Where witnesses and members differed was less about the existence of misuse than about federal vs. state roles. Some witnesses and Republican members stressed the value of state flexibility to design programs tailored to local needs; others and several Democratic members argued that the current statutory structure leaves HHS with too little authority to identify and correct misuse and that federal penalties or recovery requirements are needed when states divert funds from needy families.

The hearing record included multiple concrete figures cited by witnesses: testimony referenced that TANF non‑assistance is about 77% of program spending, that only about 8.1% of spending supported work/training in 2022, that some states held billions in unspent TANF reserves (a figure of about $6.4 billion in 2022 was cited), and that Mississippi’s scandal involved allegations of roughly $77 million of misspent funds and more than $50 million awarded to a single nonprofit contractor. Witnesses also contrasted the reach of TANF cash assistance with the expanded child tax credit, noting in Mississippi more than 350,000 families received the expanded child credit while only a few thousand received TANF cash assistance in the same period.

Committee members said they would continue oversight work. Chairman Smith and others described the GAO review, earlier subcommittee hearings, and drafted member bills as part of a multi‑step effort to tighten rules, improve audits and require that recovered misspent funds be returned to families in need. No formal votes or rule changes were announced at the hearing; members asked HHS and GAO for more information and signaled legislative markups could follow.

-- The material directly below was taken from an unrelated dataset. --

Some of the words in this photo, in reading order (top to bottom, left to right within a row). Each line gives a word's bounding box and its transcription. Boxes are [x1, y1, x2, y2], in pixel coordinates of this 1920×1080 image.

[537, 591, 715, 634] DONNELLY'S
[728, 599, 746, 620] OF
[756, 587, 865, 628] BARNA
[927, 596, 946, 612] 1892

The discussion underscored competing objectives: preserve state flexibility to fund locally effective programs while ensuring federal dollars targeted to families in poverty are not used as budget‑backfill, tuition subsidies for relatively well‑off households, or private contractors’ overhead. The committee’s next steps, members said, would include follow‑up questions and potential legislative text aimed at narrowing that gap.

The hearing record and witness statements will form part of the committee’s continued oversight. Members asked witnesses for supporting materials; the committee also entered GAO and other reports for the record and promised further review as it considers statutory and regulatory changes to TANF oversight.